Le «Clean Power Plan» (Projet pour une énergie propre) impose en effet aux Etats d’élaborer avant septembre une stratégie pour réduire de 32% leurs émissions de CO2 d’ici 2030 (par rapport aux niveaux de 2005). Voilà qui paraît désormais improbable, puisque la Cour d’appel chargée d’examiner l’action en justice des Etats frondeurs n’aura sans doute pas fini d’examiner les arguments avant l’été. La fenêtre de tir se réduit dangereusement pour lancer le programme climatique de Barack Obama, dont le mandat finit dans moins d’un an, le 20 janvier.

Or, ce Projet pour une énergie propre est au cœur des engagements pris par Washington en août pour préparer la conférence de Paris sur le climat (COP21) et parvenir en décembre à l’accord adopté par 195 pays.

Etonnante reculade

Ce qui inquiète le plus, ce n’est ni la suspension technique, ni même la «guérilla juridique» menée par la moitié des Etats pour contrer les politiques climatiques.
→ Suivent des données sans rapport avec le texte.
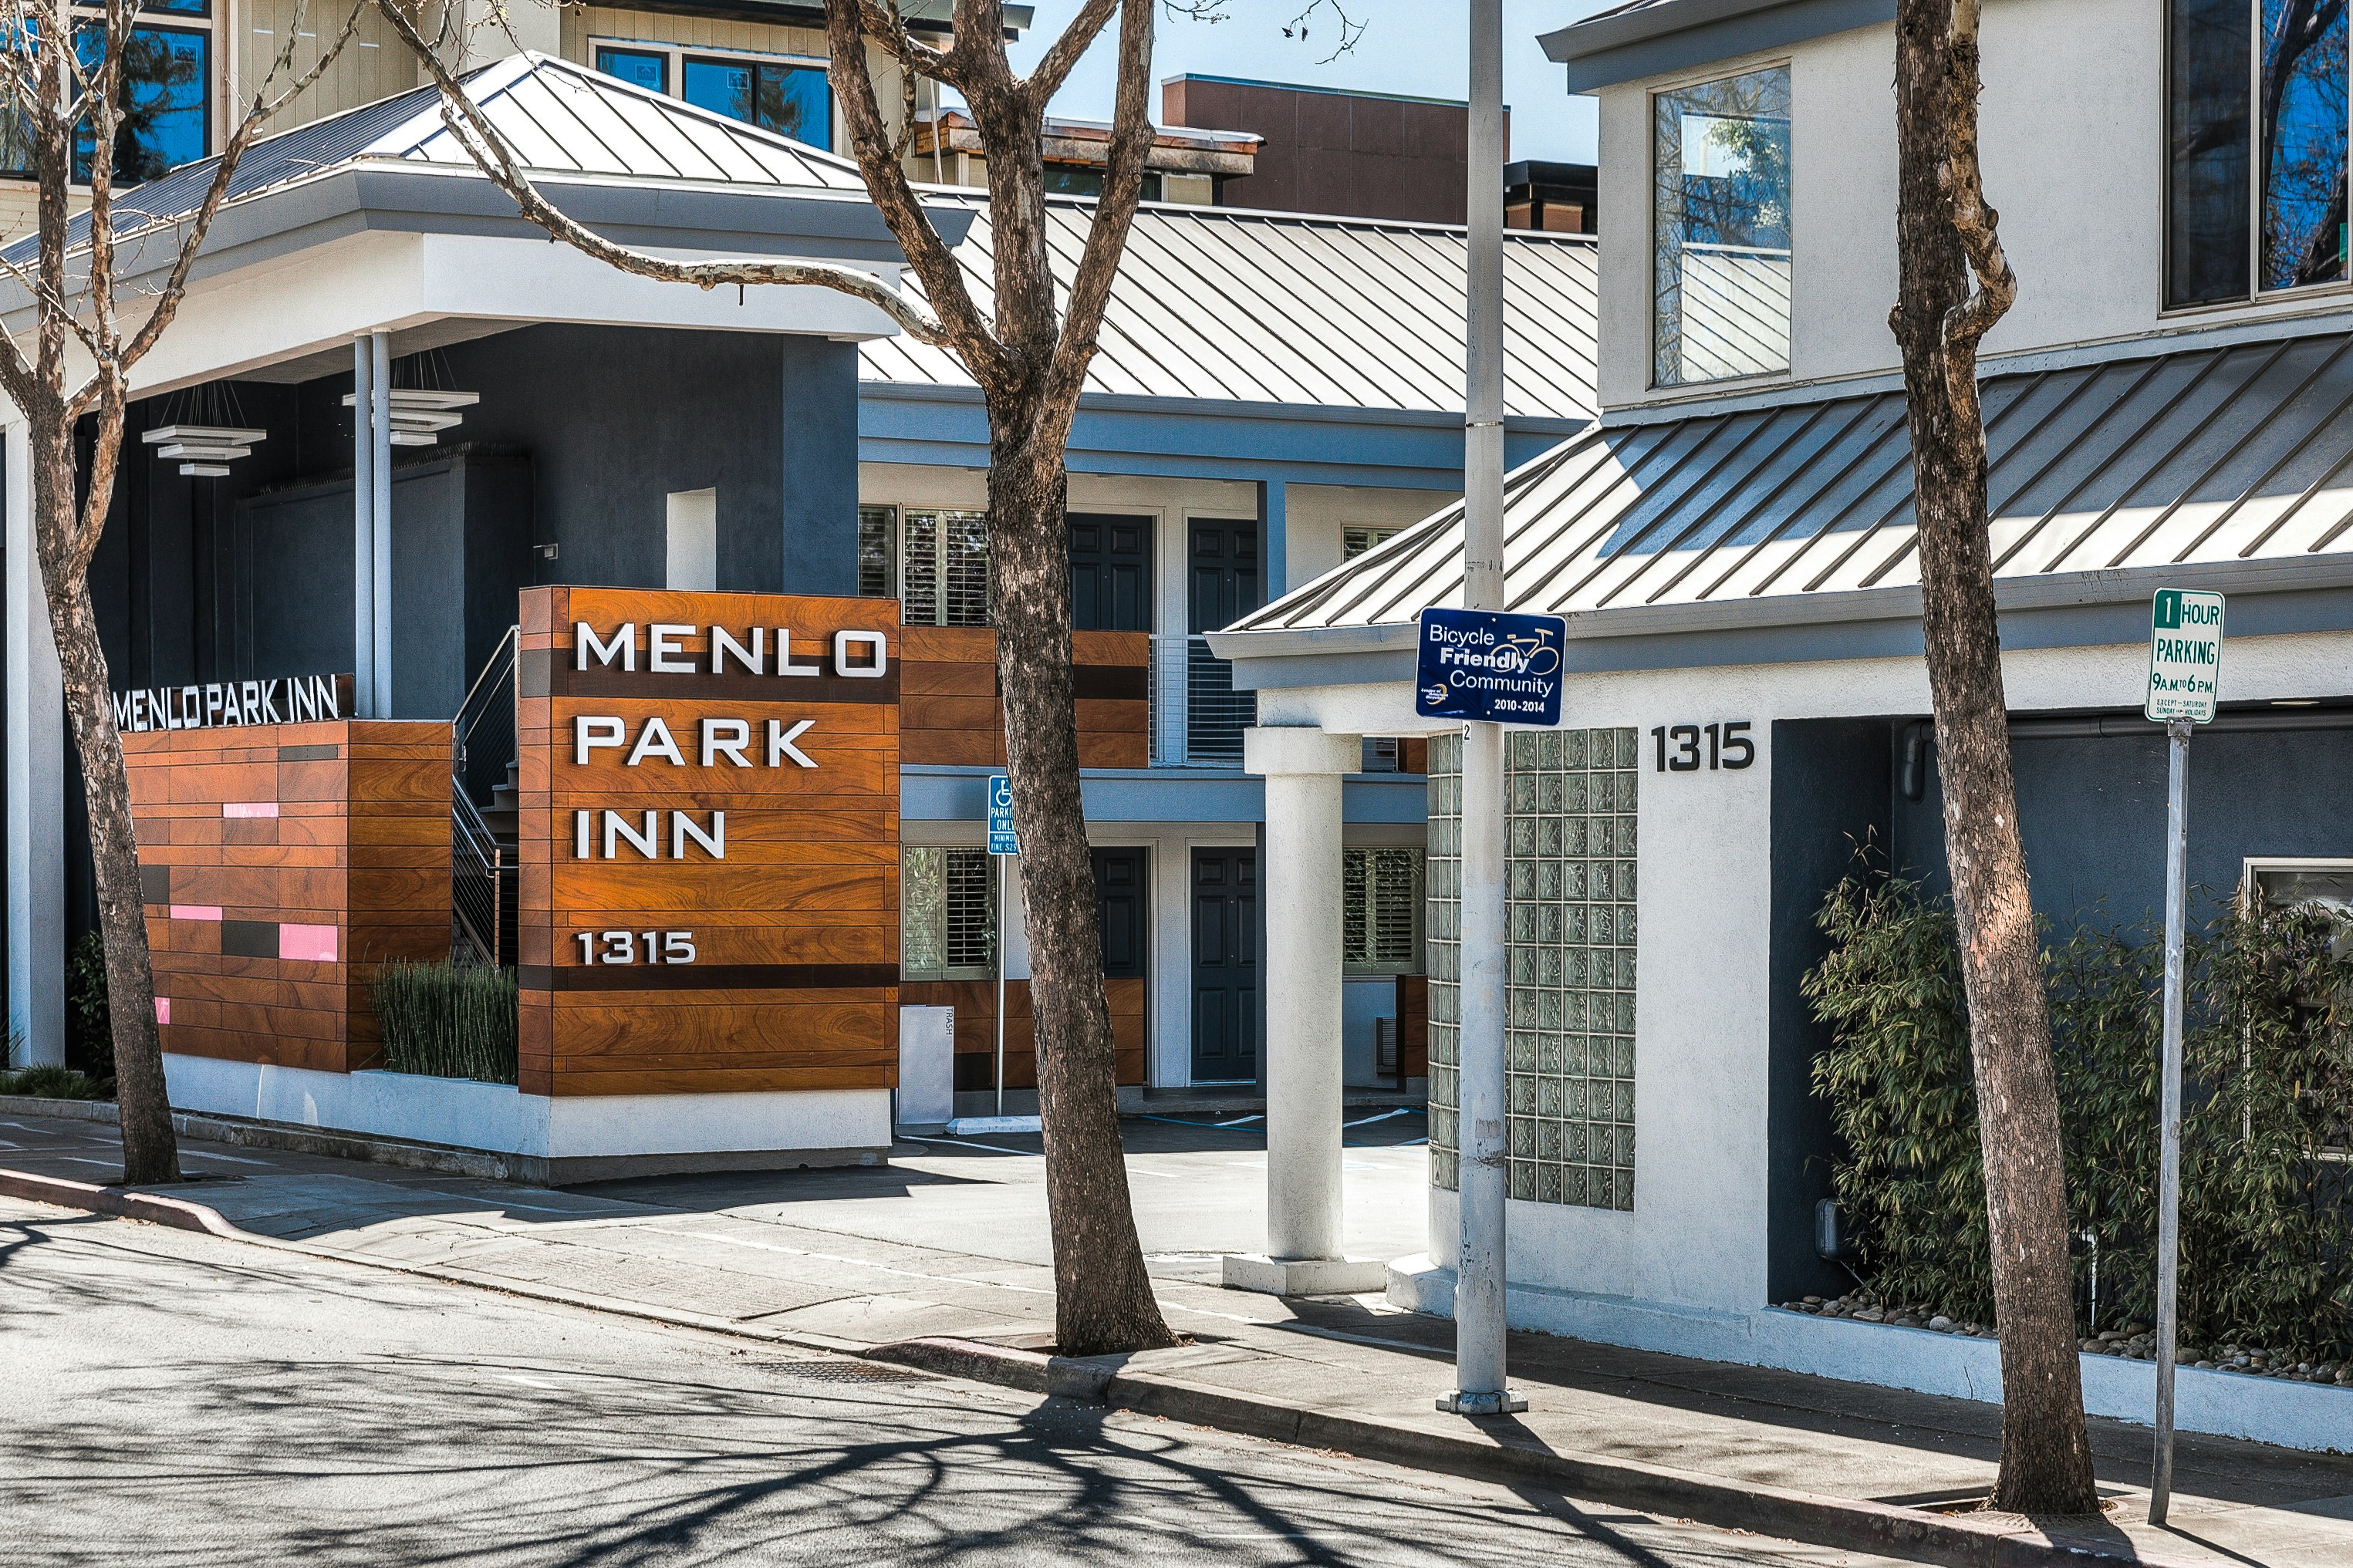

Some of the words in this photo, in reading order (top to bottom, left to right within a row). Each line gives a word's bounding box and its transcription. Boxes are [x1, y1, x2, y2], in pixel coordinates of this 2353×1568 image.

Celle-ci était totalement prévisible et ne date pas d’hier. Mais la décision de la Cour suprême, imposée par les cinq magistrats républicains contre l’avis des quatre juges démocrates, trahit la polarisation idéologique de la plus haute instance juridique. Cela augure mal de décisions futures…

Pire encore. La suspension du Clean Power Plan semble relativiser la portée d’un arrêt historique rendu en 2007 par la même Cour suprême. Celle-ci avait jugé que puisque le dioxyde de carbone est un polluant, le vieux Clean Air Act (Loi pour un air propre) pouvait être invoqué pour autoriser l’EPA à lutter contre les émissions en imposant des mesures aux Etats.

Le lobby du charbon

Un véritable tournant. «En invoquant le Clean Air Act, Barack Obama avait habilement réussi à contourner le Sénat, qui n’a jamais voulu agir sur le climat, même à l’époque où la majorité des sièges étaient démocrates», note Géraldine Pflieger, professeur en politique de l’environnement à l’Université de Genève. «Les élus des Etats urbains, souvent favorables à une politique verte, sont mis en minorité par ceux des Etats ruraux, portés par les lobbys industriels.»

Le charbon, responsable de 40% des émissions de CO2 au plan national, représente plus de la moitié de la production d’électricité dans 14 des 50 Etats. Le tiers dans 25 Etats. Pour leurs sénateurs, souvent républicains, «la guerre d’Obama» pour des énergies vertes détruit des emplois, augmente les coûts et met en péril l’approvisionnement.

«Enlevez le Sénat!»

«Si les Etats-Unis ne tiennent pas leurs engagements, cela aura une influence négative sur ceux des autres grands acteurs mondiaux», assure Géraldine Pflieger. «L’ancien conseiller fédéral suisse Moritz Leuenberger, vers la fin de son mandat, s’est vu demander ce qu’il faudrait faire pour améliorer la politique internationale sur le climat. Il avait répondu: Enlevez le Sénat des Etats-Unis!»